The UK had been a destination for almost 30 percent of New Zealand’s exports before 1973. After 1973, bilateral agreements between the UK and New Zealand ended and EU trade policies effectively excluded exporters from outside the EU. What followed was a period of turmoil for New Zealand trade. Oil prices rose and prices for New Zealand’s primary agricultural exports fell, partly because large agricultural exporters like the EU and the US subsidised agriculture.
The world looks very different today. By adopting an agenda of trade liberalisation in the 1980s, playing a founding role in the establishment of the World Trade Organization (WTO) and demonstrating leadership in negotiating bilateral and regional trade agreements, New Zealand has secured a place in the world economy as a dominant exporter of dairy and meat products to a diversified group of countries.
In 2018, New Zealand’s top three trading partners were Australia, China and the US, each accounting for 18 percent, 20 percent and 11 percent of New Zealand exports and 16 percent, 15 percent and 12 percent of imports respectively. In comparison, New Zealand exports and imports to the UK accounted for a mere 4 percent each.

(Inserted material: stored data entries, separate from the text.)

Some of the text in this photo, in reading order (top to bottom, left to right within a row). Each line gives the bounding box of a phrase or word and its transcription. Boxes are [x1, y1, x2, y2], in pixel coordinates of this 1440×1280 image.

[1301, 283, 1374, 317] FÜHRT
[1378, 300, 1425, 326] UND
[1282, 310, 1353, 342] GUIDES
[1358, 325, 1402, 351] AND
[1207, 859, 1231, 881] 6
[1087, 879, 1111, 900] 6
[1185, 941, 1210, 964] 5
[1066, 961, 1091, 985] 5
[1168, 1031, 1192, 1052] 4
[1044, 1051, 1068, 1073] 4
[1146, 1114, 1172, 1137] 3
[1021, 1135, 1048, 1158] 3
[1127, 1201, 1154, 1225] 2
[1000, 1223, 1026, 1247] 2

It is not surprising that the UK’s share of New Zealand trade is lower than that of Australia, China and the US. The gravity model of trade, inspired by Newton’s law of gravity, suggests that trade between two countries is directly proportional to their economic sizes and inversely proportional to the distance between them. China and the US are the largest economies in the world, while Australia is New Zealand’s closest neighbour. Gravity would thus point to an NZ-EU trade agreement as a priority for New Zealand. While the EU and the UK are equally distant from New Zealand, the EU is a substantially larger economy and in 2018, accounted for 8 percent and 15 percent of New Zealand exports and imports respectively.

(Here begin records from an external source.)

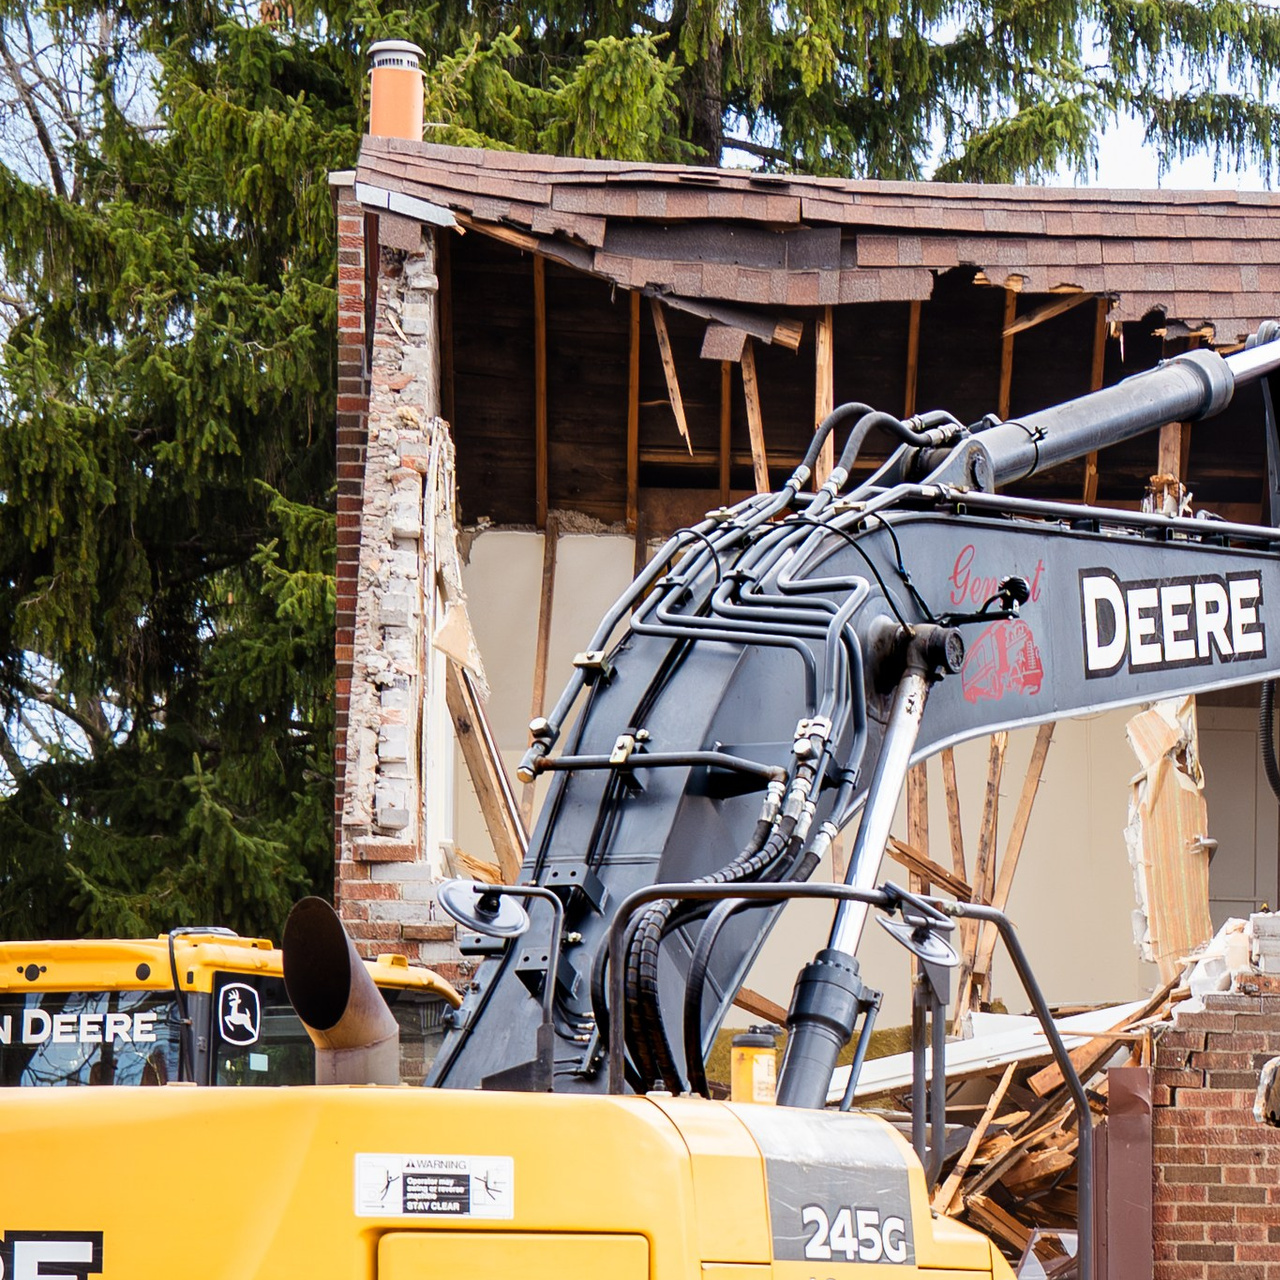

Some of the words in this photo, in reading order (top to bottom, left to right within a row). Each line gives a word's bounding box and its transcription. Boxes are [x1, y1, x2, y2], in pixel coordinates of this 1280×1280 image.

[1082, 576, 1264, 671] DEERE
[22, 1008, 158, 1044] DEERE
[416, 1159, 467, 1170] WARNING
[406, 1201, 430, 1211] STAY
[430, 1202, 461, 1212] CLEAR
[801, 1205, 907, 1264] 245G

Sadly, NZ-EU negotiations for a free trade agreement soured in early June after New Zealand accused the EU of protecting its agriculture by denying New Zealand exporters adequate market access. New Zealand’s disillusionment with NZ-EU trade talks comes at a time when the UK is looking to establish its role as a global player in a post-Brexit world. In this context, the NZ-UK trade talks that launched recently offer renewed hope and optimism for an agreement that benefits these historical allies.

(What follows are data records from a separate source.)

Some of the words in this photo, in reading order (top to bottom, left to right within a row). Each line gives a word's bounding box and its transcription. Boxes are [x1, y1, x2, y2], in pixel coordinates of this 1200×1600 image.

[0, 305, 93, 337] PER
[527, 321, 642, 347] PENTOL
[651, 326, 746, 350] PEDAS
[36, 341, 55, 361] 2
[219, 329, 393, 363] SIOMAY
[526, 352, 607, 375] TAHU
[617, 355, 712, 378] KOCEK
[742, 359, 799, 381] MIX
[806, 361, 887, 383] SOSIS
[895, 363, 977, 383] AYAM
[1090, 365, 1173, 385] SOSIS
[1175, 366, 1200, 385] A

An NZ-UK trade agreement will not come easy. New Zealand will seek to secure the removal of tariffs, address non-tariff barriers to trade, streamline customs and regulatory procedures and enhance co-operation in digital trade and climate sustainability. Agricultural market access for New Zealand exporters of dairy and meat is likely to be a sticking point. Add to this the complication that the outcome of a UK-EU trade agreement is as yet unknown and could determine how New Zealand exports will fare in the UK market.
The UK, in turn, will want market access in services, particularly in finance and insurance. Finance and insurance services are the UK’s largest export, accounting for about 12 percent of its total exports. New Zealand must rein in any urge to be protectionist and view this as an opportunity for its consumers and businesses to avail of financial and business services at competitive prices. Besides, engagement between companies in the two countries can foster mutual learning of international best-practices and technological advances in services, facilitated by cultural and institutional similarities. Such learning is crucial to improving New Zealand’s competitiveness in services, paving the way for export growth in a sector touted to be the most dynamic component of global trade.
In a post-Covid-19 world that will also have to contend with disruptions from extreme weather events due to climate change, countries will look to diversify their supply chains and trade relationships. While an NZ-UK trade agreement is desirable and should be pursued, New Zealand must continue its efforts to negotiate other bilateral and multilateral trade agreements. This applies not just to the NZ-EU trade agreement, but also to the Regional Comprehensive Economic Partnership (RCEP) that includes countries like Indonesia, Thailand, Malaysia and Vietnam, and bilateral agreements with large Asian economies like India.
These emerging markets boast of rising demand for New Zealand’s dairy, meat and fruit exports from a growing middle-class and can support export growth among small and medium enterprises and Māori business. In fact, in 2018, Indonesia, Thailand, Malaysia and Vietnam jointly accounted for 5 percent of total New Zealand exports and India accounted for 3 percent. An outward-looking and comprehensive trade strategy will bolster New Zealand’s aspirations to ensure that trade works for all.
Dr Asha Sundaram is from the Department of Economics at the University of Auckland Business School.